The response to the COVID-19 pandemic is a standout example of rapid and drastic action worldwide. Faced with a global emergency, many countries responded in an anticipatory manner, based on predictions from computer models: lockdown implementations in the United States and the United Kingdom followed policymaker briefings on projections of millions of deaths from the Imperial College epidemiological model, which relied on assumptions from the limited data available early in the pandemic.

Up to the present, the response to threats from climate change has been much slower in aggregate, despite some recent progress. However, as the effects of climate change become more severe, it is possible that rapid action will be deemed desirable. Stratospheric aerosol injection has been proposed as a fast means of cooling the Earth: a release of reflecting aerosols into the upper layer of the atmosphere is expected to block a fraction of the incoming sunlight1. Stratospheric aerosol injection is often framed either as an emergency measure or as an (arguably cheap) stopgap approach to buy time for mitigation. But awareness is low among the public as well as policymakers, and there are uncertainties in the simulated climate response to the technique, as well as uncertainties around potential impacts and governance challenges2.

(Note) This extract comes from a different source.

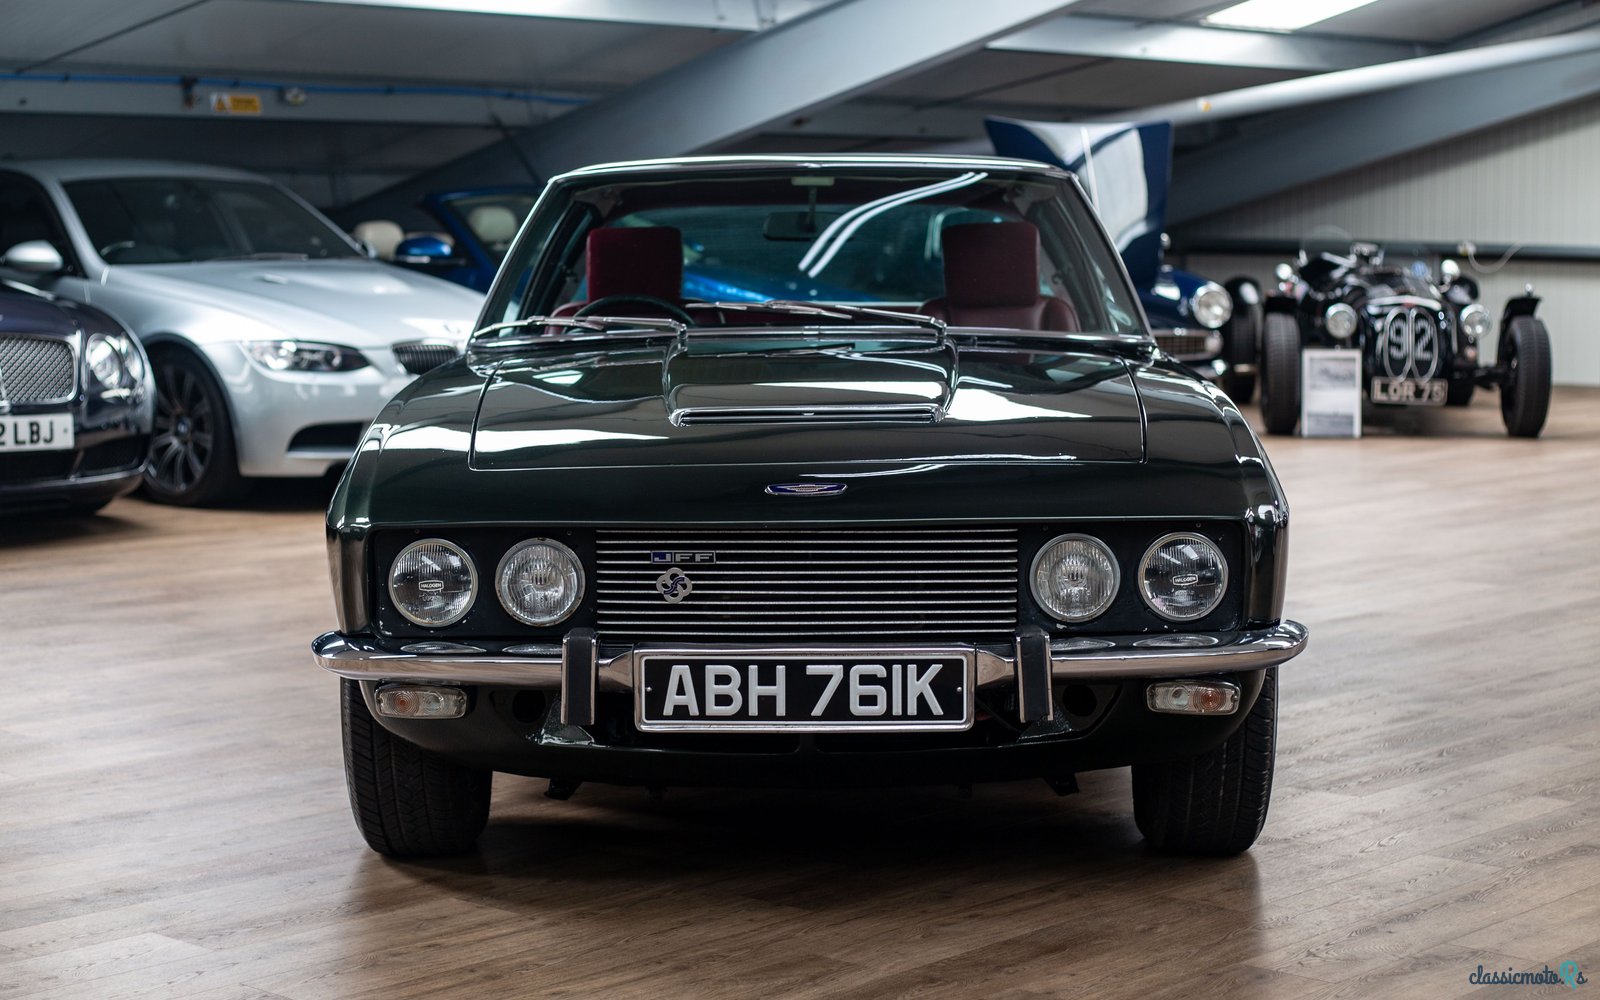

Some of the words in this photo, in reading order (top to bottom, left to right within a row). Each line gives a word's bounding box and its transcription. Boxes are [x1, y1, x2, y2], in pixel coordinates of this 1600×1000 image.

[1389, 319, 1434, 359] 92
[14, 420, 53, 445] LBJ
[663, 664, 786, 716] ABH
[806, 664, 943, 716] 761K
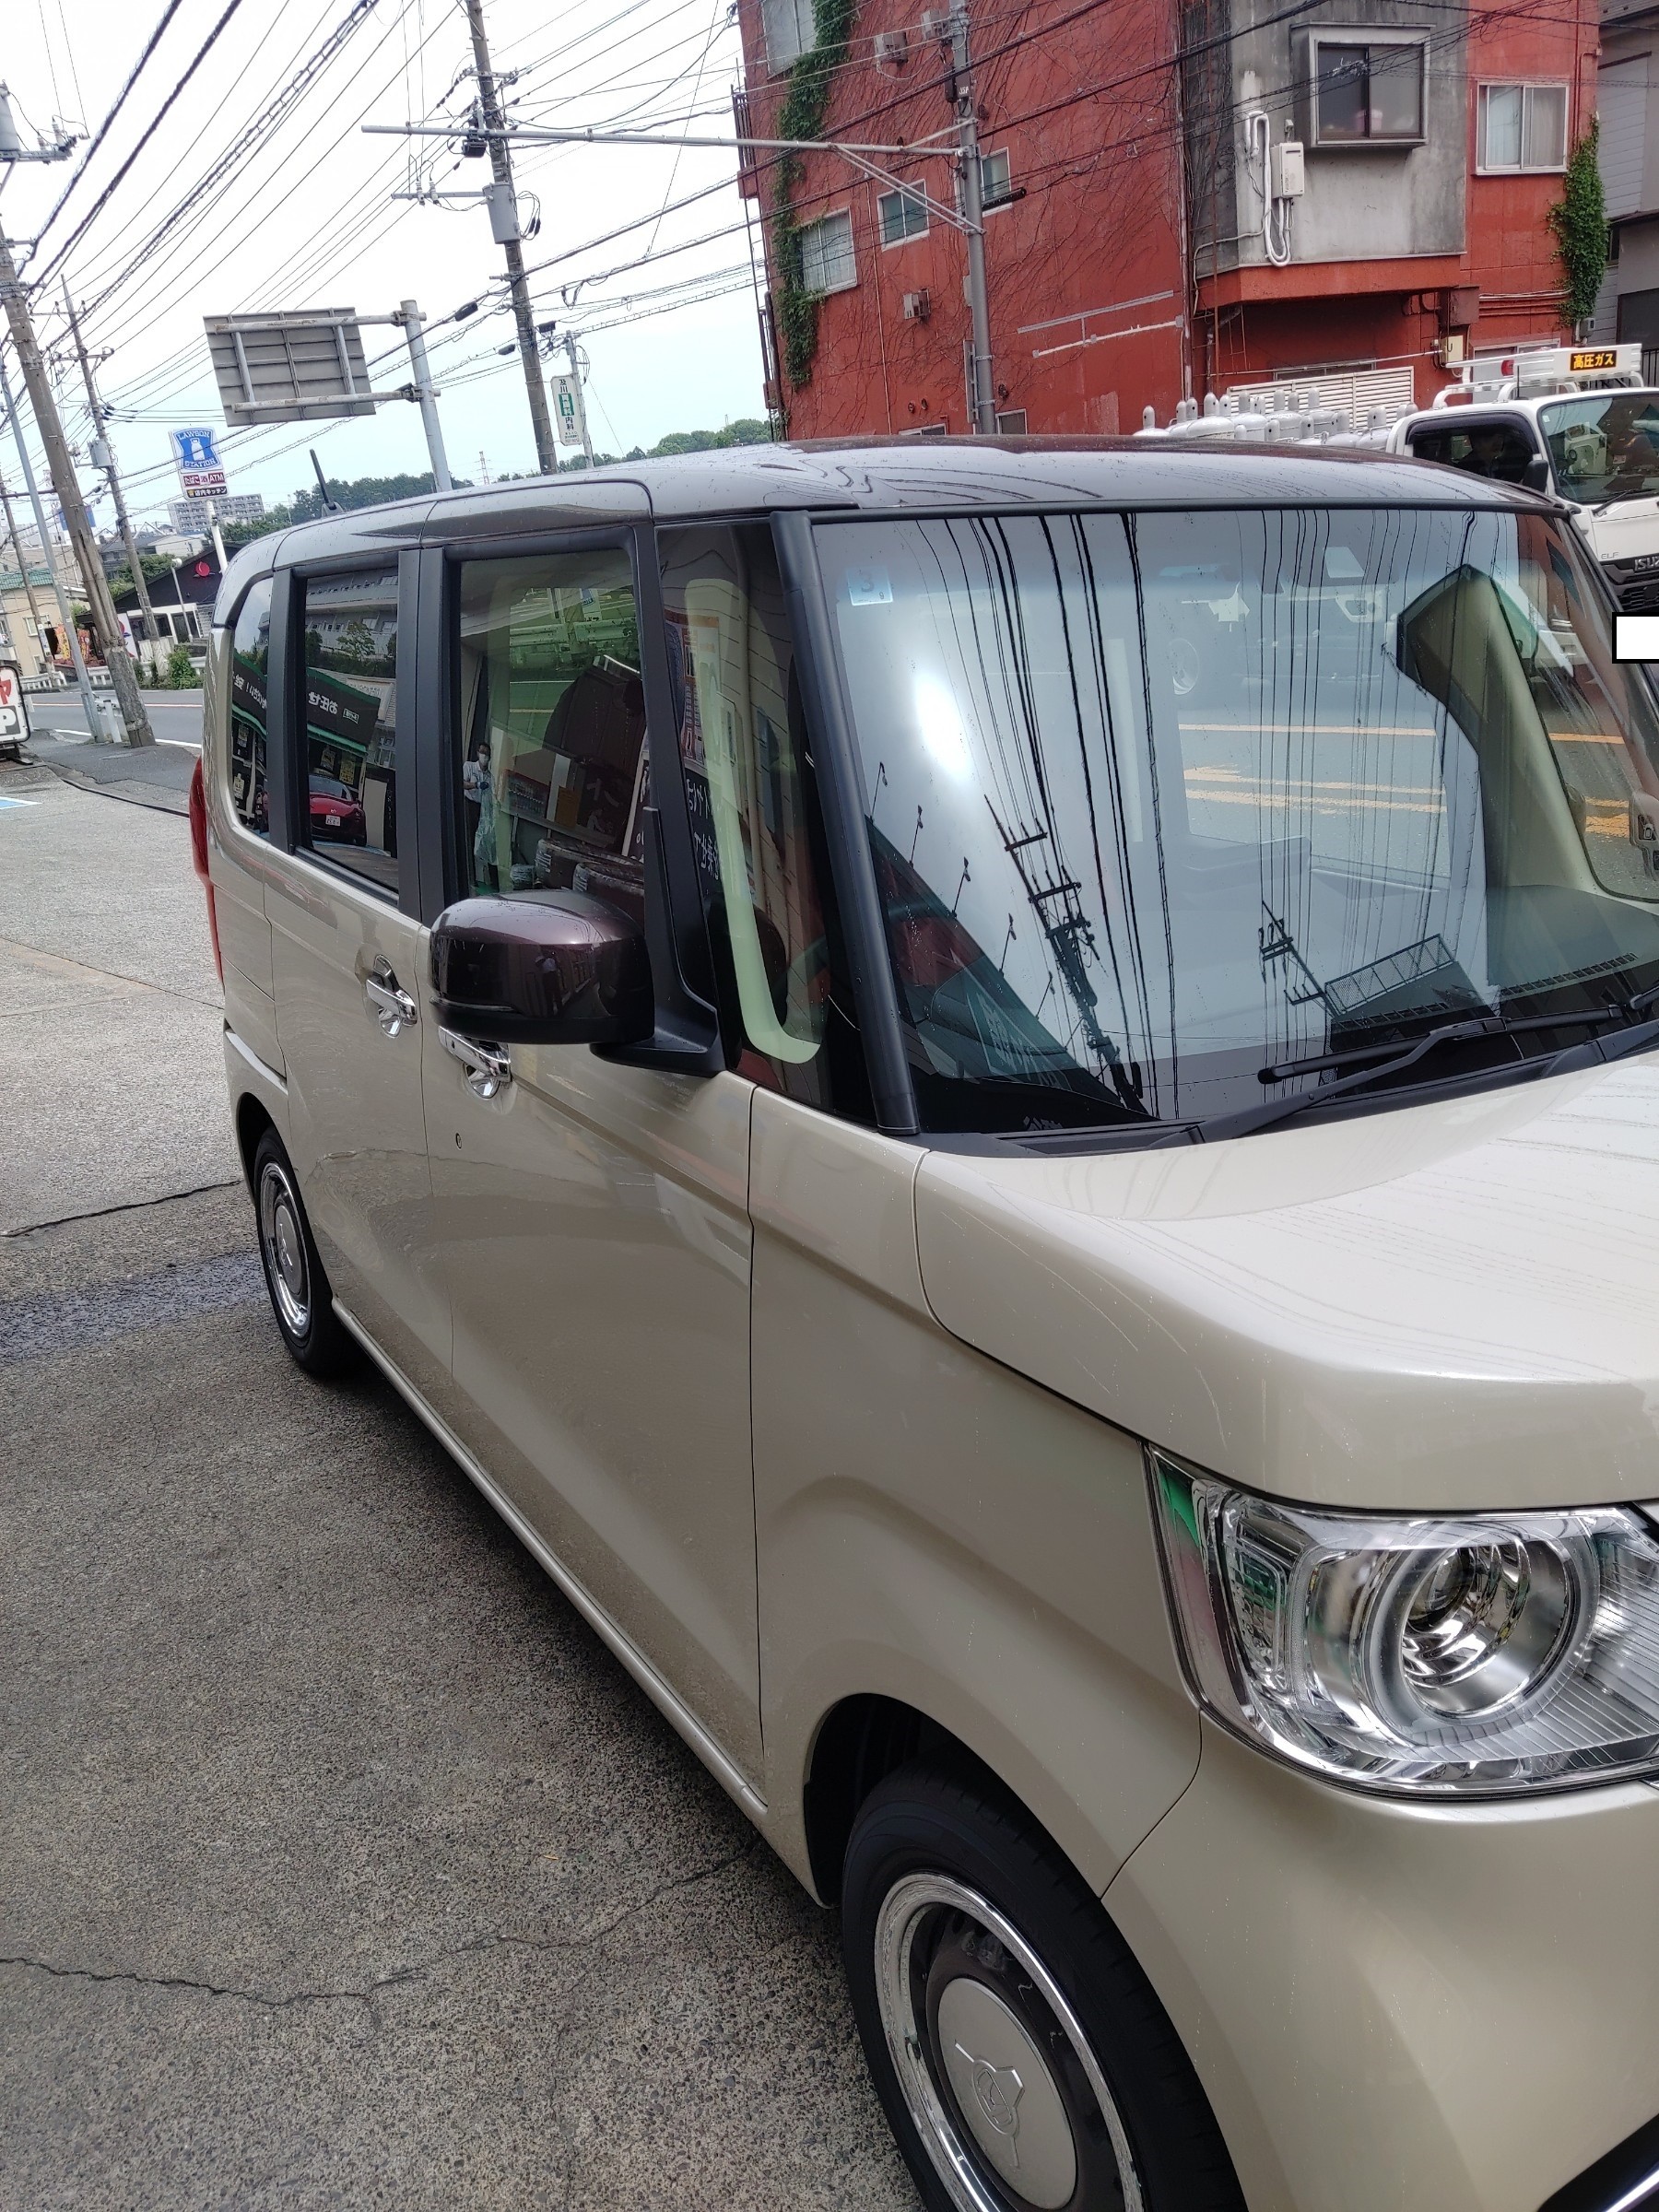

If the concept of stratospheric aerosol injection leaves the realm of modeling, it will be thrust into a multi-societal science–media-policy interface that operates in ways that are not currently anticipated—at least not in idealized model simulations or unitary rational actor governance scenarios3.

The world’s responses to COVID-19 provide an opportunity to study how the science–media-policy environment both responds to and shapes the politics of novel risks and emergency measures. COVID-19 and climate change are very different challenges, and they happen on different timescales. Nevertheless, responses to both crises must navigate the same political terrain and the same media ecosystem.

Here, we argue that five important insights from the COVID-19 response can guide efforts to tackle an emergency scenario in climate change: (1) maintain a broad scope of desirable outcomes; (2) negotiate fractured governance on the global scale; (3) take into account the volatilities of new media technologies; (4) be alert to policymakers’ ulterior motives; and (5) ensure bought time is well spent.

Five lessons:

  1. 1.

    Narrow metrics seem user-friendly—but can create new problems.

    Using narrow metrics to define a problem, or the success of a policy, can obscure other important goals. The response to the pandemic has been guided by calculable parameters, such as case count, or the reproduction number, R0. This bears the danger that the metric becomes the target of policy, and thereby the metric starts to define the solution.

    With the pandemic, we could have weighed the public health effects of lockdown measures themselves, including missed screenings and treatments, delayed vaccinations, mental health impacts, and food insecurity, as well as the economic and social impacts. In addition, the blanket strategies aimed at particular metrics missed the equity dimensions of who bears the harms from the measures: much of the burden of lockdowns falls upon the global poor4. Moreover, longer-term aims of dealing with root causes of zoonotic disease transmissions were eclipsed.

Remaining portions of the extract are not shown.